2009/8/2 Francesco Salvestrini <address@hidden>:

> On Sunday 02 August 2009, Peter Simons wrote:
>> Reuben Thomas wrote:
>> Yes, this is a useful distinction indeed. General-purpose macros like
>> AX_COMPARE_VERSION lay foundations for other macros to build on, which
>> means that bugs in those macros tend to affect a lot of other code. It's
>> a good idea, IMHO, to put those macros under some additional scrutiny.
>
> Let us have a regression test suite in place, that would ease the job a lot.
>
> I think that it would be better to have the regression test suite up and
> running before beginning the hack-and-slash fest ...

Let us by all means have a regression test suite, but let us not wait
for it. We can do all sorts of hacking on the head and it won't
greatly inconvenience any of us or anyone else, nor will particular
orderings of the projects suggested so far save much work later, I'd
suggest.

> We should tag the macros then transform the tags into html lines (something
> like '# USE: generic, perl' -> generic and perl could be use to generate a
> better line in the html pages that will be later indexed by the
> web-scrapers).

I'm dubious that one can do better than choosing good names and
letting Google & co. work their magic.

> We could accept even macros that seems not so necessary and funnel them later
> in a more generic macro and some one-liner examples (the way I did for
> AX_PATH_GENERIC, AX_LIB_CURL and AX_LIB_TAGLIB).

Sure, it's always good to be flexible and accept most things that
aren't immediately implementable in terms of existing macros (and
anything which is is often a sign that better documentation (by which
I mainly mean structuring and naming) is needed).

> Those one liners come handy in the latter case, even if they are apparently of
> scarce use for us.

But they don't have to be separate macros, then can be in the docs for
the relevant macro being called.

> But ... do you think that all autoconf users are shell-gurus capable of
> tracking macros error, quoting sed expression the right way, hacking macros
> or even using autotools the right way ? I see in the #gnu IRC channel people
> asking for aclocal/autoconf problems the whole day...
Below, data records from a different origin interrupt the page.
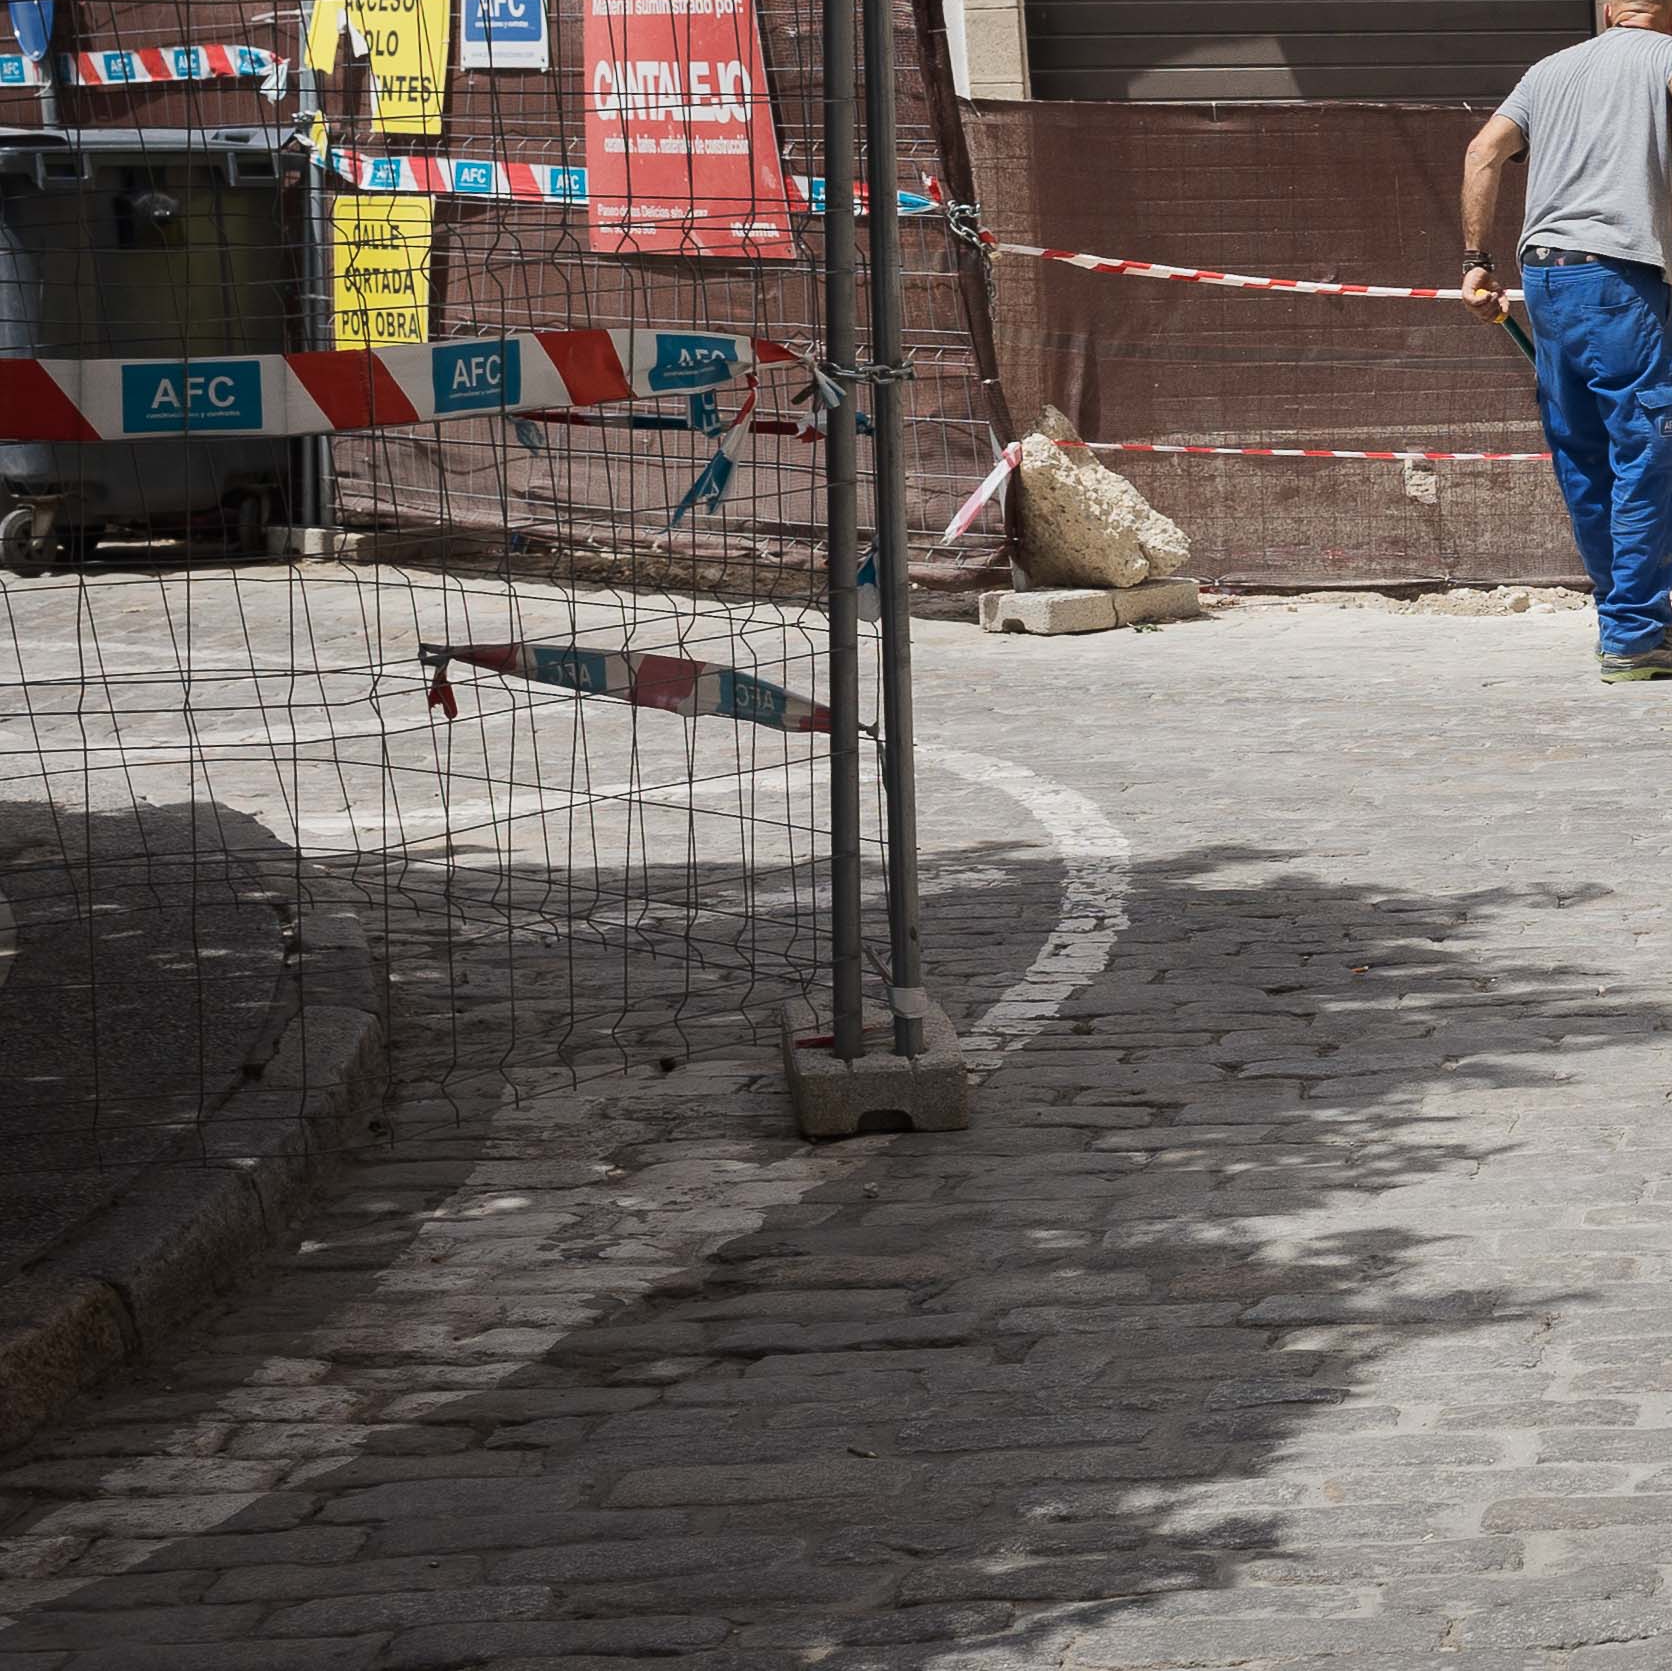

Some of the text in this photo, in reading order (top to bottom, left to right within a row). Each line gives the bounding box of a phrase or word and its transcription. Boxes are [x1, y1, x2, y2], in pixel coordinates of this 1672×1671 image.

[364, 30, 399, 56] OLO
[593, 59, 753, 124] CANTALEJO
[461, 166, 487, 184] AFC
[344, 266, 414, 295] CORTADA
[375, 313, 419, 339] OBRA
[452, 354, 502, 389] AFC
[151, 376, 236, 409] AFC
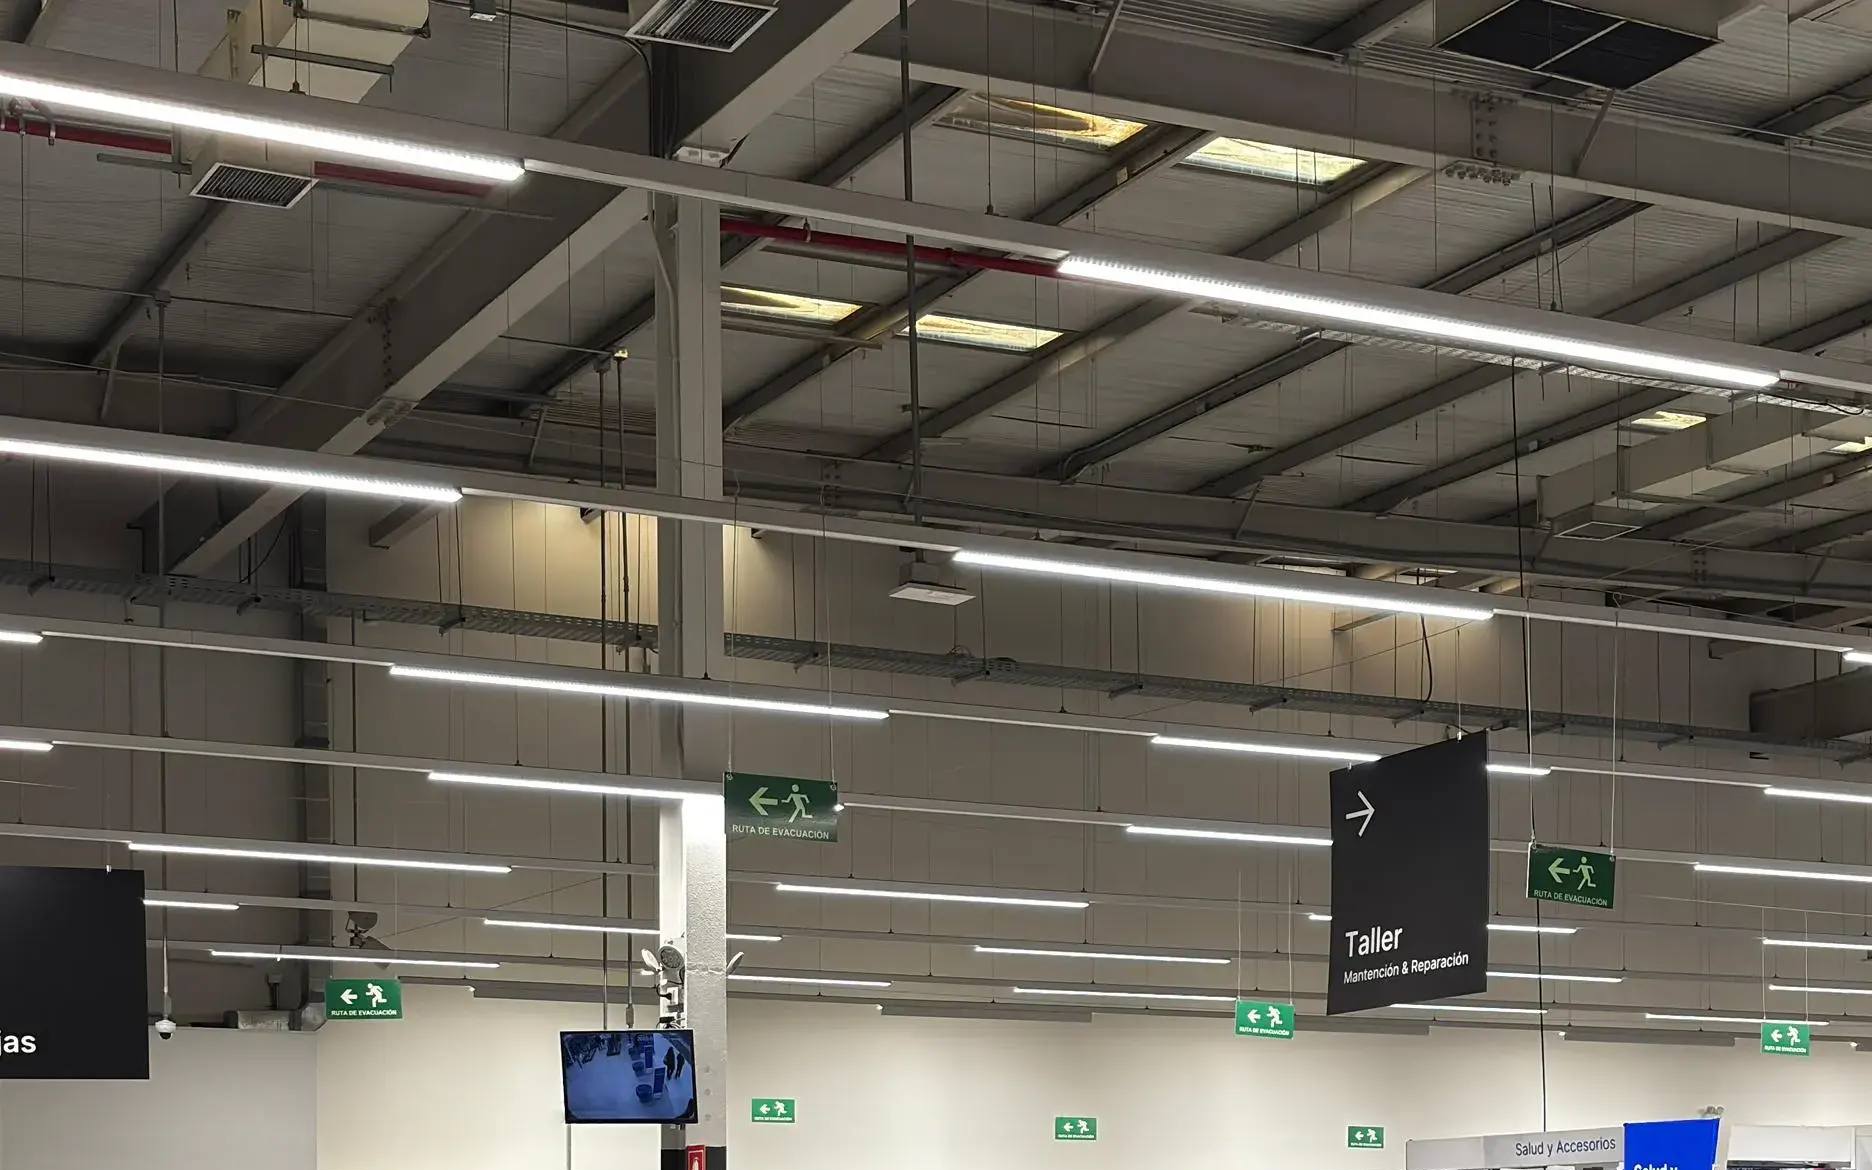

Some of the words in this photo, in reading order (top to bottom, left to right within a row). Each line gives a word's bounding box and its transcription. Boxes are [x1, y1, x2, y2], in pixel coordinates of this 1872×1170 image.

[732, 824, 755, 834] RUTA
[759, 827, 770, 835] DE
[1534, 889, 1552, 899] RUTA
[1553, 892, 1563, 900] DE
[1345, 926, 1403, 958] Taller
[1344, 962, 1400, 984] Mantención
[1402, 963, 1409, 975] &
[1411, 951, 1469, 975] Reparación
[0, 1028, 36, 1054] as
[1515, 1141, 1544, 1156] Salud
[1547, 1144, 1553, 1157] y
[1556, 1137, 1616, 1154] Accesorios
No, it's certainly worth providing simple macros. But it should
nonetheless be possible to obsolete some of the dumber ones by better
design. There's a difference between a complicated single line and a
simple one!

> Would be better for them to have examples, in order to teach them to use other
> macros ?

Examples are good, indeed because for many users that's often what
they want, e.g. for a macro that checks whether a program or library
exists, they can just copy and change to the program or library they
want. I often do this when I'm using a new macro or API or whatever.
The less thinking one has to do the better: brain cells are a scarce
resource!

-- 
http://rrt.sc3d.org
L’art des vers est de transformer en beautés les faiblesses (Aragon)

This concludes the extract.